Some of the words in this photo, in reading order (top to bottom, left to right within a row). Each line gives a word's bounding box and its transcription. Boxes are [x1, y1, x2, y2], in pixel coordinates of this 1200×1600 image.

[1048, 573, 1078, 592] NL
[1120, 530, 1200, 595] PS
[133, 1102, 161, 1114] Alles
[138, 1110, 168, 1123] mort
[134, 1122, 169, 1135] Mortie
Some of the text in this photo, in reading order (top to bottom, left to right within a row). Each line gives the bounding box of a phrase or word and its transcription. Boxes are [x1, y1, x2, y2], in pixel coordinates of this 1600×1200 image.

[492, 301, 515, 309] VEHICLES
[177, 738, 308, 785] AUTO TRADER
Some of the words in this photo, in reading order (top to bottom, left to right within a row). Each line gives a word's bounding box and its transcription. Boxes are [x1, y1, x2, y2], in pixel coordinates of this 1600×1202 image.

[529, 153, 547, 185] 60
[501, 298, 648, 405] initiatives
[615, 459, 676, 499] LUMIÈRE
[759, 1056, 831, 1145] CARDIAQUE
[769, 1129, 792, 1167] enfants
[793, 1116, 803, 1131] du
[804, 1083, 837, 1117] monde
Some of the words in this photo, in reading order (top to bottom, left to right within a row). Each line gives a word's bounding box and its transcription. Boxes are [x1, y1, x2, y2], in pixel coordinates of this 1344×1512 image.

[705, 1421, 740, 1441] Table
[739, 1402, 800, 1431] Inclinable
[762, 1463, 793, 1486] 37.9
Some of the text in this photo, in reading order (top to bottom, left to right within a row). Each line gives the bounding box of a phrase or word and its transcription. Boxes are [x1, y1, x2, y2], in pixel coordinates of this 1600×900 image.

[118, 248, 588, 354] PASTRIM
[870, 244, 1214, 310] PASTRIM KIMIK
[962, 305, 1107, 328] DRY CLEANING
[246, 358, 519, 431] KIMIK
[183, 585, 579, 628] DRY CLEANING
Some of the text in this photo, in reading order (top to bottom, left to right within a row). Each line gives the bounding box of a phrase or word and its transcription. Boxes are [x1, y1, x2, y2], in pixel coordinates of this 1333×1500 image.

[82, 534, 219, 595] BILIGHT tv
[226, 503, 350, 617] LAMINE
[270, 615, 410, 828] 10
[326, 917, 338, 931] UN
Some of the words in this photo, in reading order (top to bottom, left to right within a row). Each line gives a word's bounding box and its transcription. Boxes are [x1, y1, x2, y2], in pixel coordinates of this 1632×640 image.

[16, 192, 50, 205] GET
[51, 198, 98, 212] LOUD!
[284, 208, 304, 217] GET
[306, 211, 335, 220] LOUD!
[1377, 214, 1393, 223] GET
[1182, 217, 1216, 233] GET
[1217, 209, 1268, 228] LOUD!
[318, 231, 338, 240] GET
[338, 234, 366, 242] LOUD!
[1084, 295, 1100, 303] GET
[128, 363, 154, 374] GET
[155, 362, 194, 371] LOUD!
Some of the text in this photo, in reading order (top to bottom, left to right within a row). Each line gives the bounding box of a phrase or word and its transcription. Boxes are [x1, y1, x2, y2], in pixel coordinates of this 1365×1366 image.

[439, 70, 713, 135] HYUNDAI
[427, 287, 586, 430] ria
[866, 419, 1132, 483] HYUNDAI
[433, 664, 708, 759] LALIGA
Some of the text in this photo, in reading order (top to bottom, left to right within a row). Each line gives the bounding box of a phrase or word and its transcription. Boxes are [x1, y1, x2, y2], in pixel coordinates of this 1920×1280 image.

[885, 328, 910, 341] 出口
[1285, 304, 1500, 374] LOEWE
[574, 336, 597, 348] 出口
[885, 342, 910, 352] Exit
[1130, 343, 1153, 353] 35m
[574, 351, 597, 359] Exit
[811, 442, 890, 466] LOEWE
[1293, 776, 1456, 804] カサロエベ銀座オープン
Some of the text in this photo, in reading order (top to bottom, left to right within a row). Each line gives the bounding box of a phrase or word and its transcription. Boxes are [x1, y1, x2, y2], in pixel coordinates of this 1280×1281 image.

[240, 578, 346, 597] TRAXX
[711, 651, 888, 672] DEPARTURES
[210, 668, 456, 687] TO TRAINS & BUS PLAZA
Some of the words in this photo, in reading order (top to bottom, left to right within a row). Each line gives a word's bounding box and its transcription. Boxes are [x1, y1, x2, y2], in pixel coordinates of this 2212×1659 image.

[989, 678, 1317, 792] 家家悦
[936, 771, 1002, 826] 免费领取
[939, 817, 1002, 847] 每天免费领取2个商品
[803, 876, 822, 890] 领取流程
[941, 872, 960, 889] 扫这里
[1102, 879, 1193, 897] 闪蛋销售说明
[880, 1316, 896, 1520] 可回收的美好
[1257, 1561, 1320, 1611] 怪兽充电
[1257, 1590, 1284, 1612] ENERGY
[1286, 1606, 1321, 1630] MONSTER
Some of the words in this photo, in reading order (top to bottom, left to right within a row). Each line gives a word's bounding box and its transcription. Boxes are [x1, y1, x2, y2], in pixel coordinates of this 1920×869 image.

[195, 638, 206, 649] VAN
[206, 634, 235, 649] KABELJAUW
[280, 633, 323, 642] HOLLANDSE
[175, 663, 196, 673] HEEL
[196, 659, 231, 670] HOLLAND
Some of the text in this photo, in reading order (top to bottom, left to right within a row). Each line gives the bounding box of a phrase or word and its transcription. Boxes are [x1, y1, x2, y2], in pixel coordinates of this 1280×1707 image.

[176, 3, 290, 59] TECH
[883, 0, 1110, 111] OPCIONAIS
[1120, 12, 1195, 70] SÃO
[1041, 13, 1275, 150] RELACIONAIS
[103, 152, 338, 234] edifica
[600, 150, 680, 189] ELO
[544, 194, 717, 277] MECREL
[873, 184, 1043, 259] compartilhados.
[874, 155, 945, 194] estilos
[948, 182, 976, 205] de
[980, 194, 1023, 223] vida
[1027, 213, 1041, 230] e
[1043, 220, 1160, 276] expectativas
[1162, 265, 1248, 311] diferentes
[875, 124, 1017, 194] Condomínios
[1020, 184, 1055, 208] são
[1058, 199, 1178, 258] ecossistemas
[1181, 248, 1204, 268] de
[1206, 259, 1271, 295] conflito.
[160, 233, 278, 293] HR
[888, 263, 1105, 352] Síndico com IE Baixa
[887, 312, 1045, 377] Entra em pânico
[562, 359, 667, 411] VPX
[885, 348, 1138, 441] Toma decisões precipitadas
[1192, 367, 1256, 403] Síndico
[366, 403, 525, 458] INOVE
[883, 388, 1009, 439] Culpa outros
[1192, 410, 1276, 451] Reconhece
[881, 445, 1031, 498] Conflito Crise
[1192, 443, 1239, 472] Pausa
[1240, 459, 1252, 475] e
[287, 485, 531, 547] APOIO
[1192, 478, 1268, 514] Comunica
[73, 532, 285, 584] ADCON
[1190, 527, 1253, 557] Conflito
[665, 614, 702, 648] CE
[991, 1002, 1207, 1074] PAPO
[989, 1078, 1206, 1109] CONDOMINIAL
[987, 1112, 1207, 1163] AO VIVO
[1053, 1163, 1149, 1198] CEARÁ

• • •

Restate all of the lines in the material exactly as they are.

Some of the words in this photo, in reading order (top to bottom, left to right within a row). Each line gives a word's bounding box and its transcription. Boxes are [x1, y1, x2, y2], in pixel coordinates of this 1200×1600 image.

[1048, 573, 1078, 592] NL
[1120, 530, 1200, 595] PS
[133, 1102, 161, 1114] Alles
[138, 1110, 168, 1123] mort
[134, 1122, 169, 1135] Mortie
Some of the text in this photo, in reading order (top to bottom, left to right within a row). Each line gives the bounding box of a phrase or word and its transcription. Boxes are [x1, y1, x2, y2], in pixel coordinates of this 1600×1200 image.

[492, 301, 515, 309] VEHICLES
[177, 738, 308, 785] AUTO TRADER
Some of the words in this photo, in reading order (top to bottom, left to right within a row). Each line gives a word's bounding box and its transcription. Boxes are [x1, y1, x2, y2], in pixel coordinates of this 1600×1202 image.

[529, 153, 547, 185] 60
[501, 298, 648, 405] initiatives
[615, 459, 676, 499] LUMIÈRE
[759, 1056, 831, 1145] CARDIAQUE
[769, 1129, 792, 1167] enfants
[793, 1116, 803, 1131] du
[804, 1083, 837, 1117] monde
Some of the words in this photo, in reading order (top to bottom, left to right within a row). Each line gives a word's bounding box and its transcription. Boxes are [x1, y1, x2, y2], in pixel coordinates of this 1344×1512 image.

[705, 1421, 740, 1441] Table
[739, 1402, 800, 1431] Inclinable
[762, 1463, 793, 1486] 37.9
Some of the text in this photo, in reading order (top to bottom, left to right within a row). Each line gives the bounding box of a phrase or word and its transcription. Boxes are [x1, y1, x2, y2], in pixel coordinates of this 1600×900 image.

[118, 248, 588, 354] PASTRIM
[870, 244, 1214, 310] PASTRIM KIMIK
[962, 305, 1107, 328] DRY CLEANING
[246, 358, 519, 431] KIMIK
[183, 585, 579, 628] DRY CLEANING
Some of the text in this photo, in reading order (top to bottom, left to right within a row). Each line gives the bounding box of a phrase or word and its transcription. Boxes are [x1, y1, x2, y2], in pixel coordinates of this 1333×1500 image.

[82, 534, 219, 595] BILIGHT tv
[226, 503, 350, 617] LAMINE
[270, 615, 410, 828] 10
[326, 917, 338, 931] UN
Some of the words in this photo, in reading order (top to bottom, left to right within a row). Each line gives a word's bounding box and its transcription. Boxes are [x1, y1, x2, y2], in pixel coordinates of this 1632×640 image.

[16, 192, 50, 205] GET
[51, 198, 98, 212] LOUD!
[284, 208, 304, 217] GET
[306, 211, 335, 220] LOUD!
[1377, 214, 1393, 223] GET
[1182, 217, 1216, 233] GET
[1217, 209, 1268, 228] LOUD!
[318, 231, 338, 240] GET
[338, 234, 366, 242] LOUD!
[1084, 295, 1100, 303] GET
[128, 363, 154, 374] GET
[155, 362, 194, 371] LOUD!
Some of the text in this photo, in reading order (top to bottom, left to right within a row). Each line gives the bounding box of a phrase or word and its transcription. Boxes are [x1, y1, x2, y2], in pixel coordinates of this 1365×1366 image.

[439, 70, 713, 135] HYUNDAI
[427, 287, 586, 430] ria
[866, 419, 1132, 483] HYUNDAI
[433, 664, 708, 759] LALIGA
Some of the text in this photo, in reading order (top to bottom, left to right within a row). Each line gives the bounding box of a phrase or word and its transcription. Boxes are [x1, y1, x2, y2], in pixel coordinates of this 1920×1280 image.

[885, 328, 910, 341] 出口
[1285, 304, 1500, 374] LOEWE
[574, 336, 597, 348] 出口
[885, 342, 910, 352] Exit
[1130, 343, 1153, 353] 35m
[574, 351, 597, 359] Exit
[811, 442, 890, 466] LOEWE
[1293, 776, 1456, 804] カサロエベ銀座オープン
Some of the text in this photo, in reading order (top to bottom, left to right within a row). Each line gives the bounding box of a phrase or word and its transcription. Boxes are [x1, y1, x2, y2], in pixel coordinates of this 1280×1281 image.

[240, 578, 346, 597] TRAXX
[711, 651, 888, 672] DEPARTURES
[210, 668, 456, 687] TO TRAINS & BUS PLAZA
Some of the words in this photo, in reading order (top to bottom, left to right within a row). Each line gives a word's bounding box and its transcription. Boxes are [x1, y1, x2, y2], in pixel coordinates of this 2212×1659 image.

[989, 678, 1317, 792] 家家悦
[936, 771, 1002, 826] 免费领取
[939, 817, 1002, 847] 每天免费领取2个商品
[803, 876, 822, 890] 领取流程
[941, 872, 960, 889] 扫这里
[1102, 879, 1193, 897] 闪蛋销售说明
[880, 1316, 896, 1520] 可回收的美好
[1257, 1561, 1320, 1611] 怪兽充电
[1257, 1590, 1284, 1612] ENERGY
[1286, 1606, 1321, 1630] MONSTER
Some of the words in this photo, in reading order (top to bottom, left to right within a row). Each line gives a word's bounding box and its transcription. Boxes are [x1, y1, x2, y2], in pixel coordinates of this 1920×869 image.

[195, 638, 206, 649] VAN
[206, 634, 235, 649] KABELJAUW
[280, 633, 323, 642] HOLLANDSE
[175, 663, 196, 673] HEEL
[196, 659, 231, 670] HOLLAND
Some of the text in this photo, in reading order (top to bottom, left to right within a row). Each line gives the bounding box of a phrase or word and its transcription. Boxes are [x1, y1, x2, y2], in pixel coordinates of this 1280×1707 image.

[176, 3, 290, 59] TECH
[883, 0, 1110, 111] OPCIONAIS
[1120, 12, 1195, 70] SÃO
[1041, 13, 1275, 150] RELACIONAIS
[103, 152, 338, 234] edifica
[600, 150, 680, 189] ELO
[544, 194, 717, 277] MECREL
[873, 184, 1043, 259] compartilhados.
[874, 155, 945, 194] estilos
[948, 182, 976, 205] de
[980, 194, 1023, 223] vida
[1027, 213, 1041, 230] e
[1043, 220, 1160, 276] expectativas
[1162, 265, 1248, 311] diferentes
[875, 124, 1017, 194] Condomínios
[1020, 184, 1055, 208] são
[1058, 199, 1178, 258] ecossistemas
[1181, 248, 1204, 268] de
[1206, 259, 1271, 295] conflito.
[160, 233, 278, 293] HR
[888, 263, 1105, 352] Síndico com IE Baixa
[887, 312, 1045, 377] Entra em pânico
[562, 359, 667, 411] VPX
[885, 348, 1138, 441] Toma decisões precipitadas
[1192, 367, 1256, 403] Síndico
[366, 403, 525, 458] INOVE
[883, 388, 1009, 439] Culpa outros
[1192, 410, 1276, 451] Reconhece
[881, 445, 1031, 498] Conflito Crise
[1192, 443, 1239, 472] Pausa
[1240, 459, 1252, 475] e
[287, 485, 531, 547] APOIO
[1192, 478, 1268, 514] Comunica
[73, 532, 285, 584] ADCON
[1190, 527, 1253, 557] Conflito
[665, 614, 702, 648] CE
[991, 1002, 1207, 1074] PAPO
[989, 1078, 1206, 1109] CONDOMINIAL
[987, 1112, 1207, 1163] AO VIVO
[1053, 1163, 1149, 1198] CEARÁ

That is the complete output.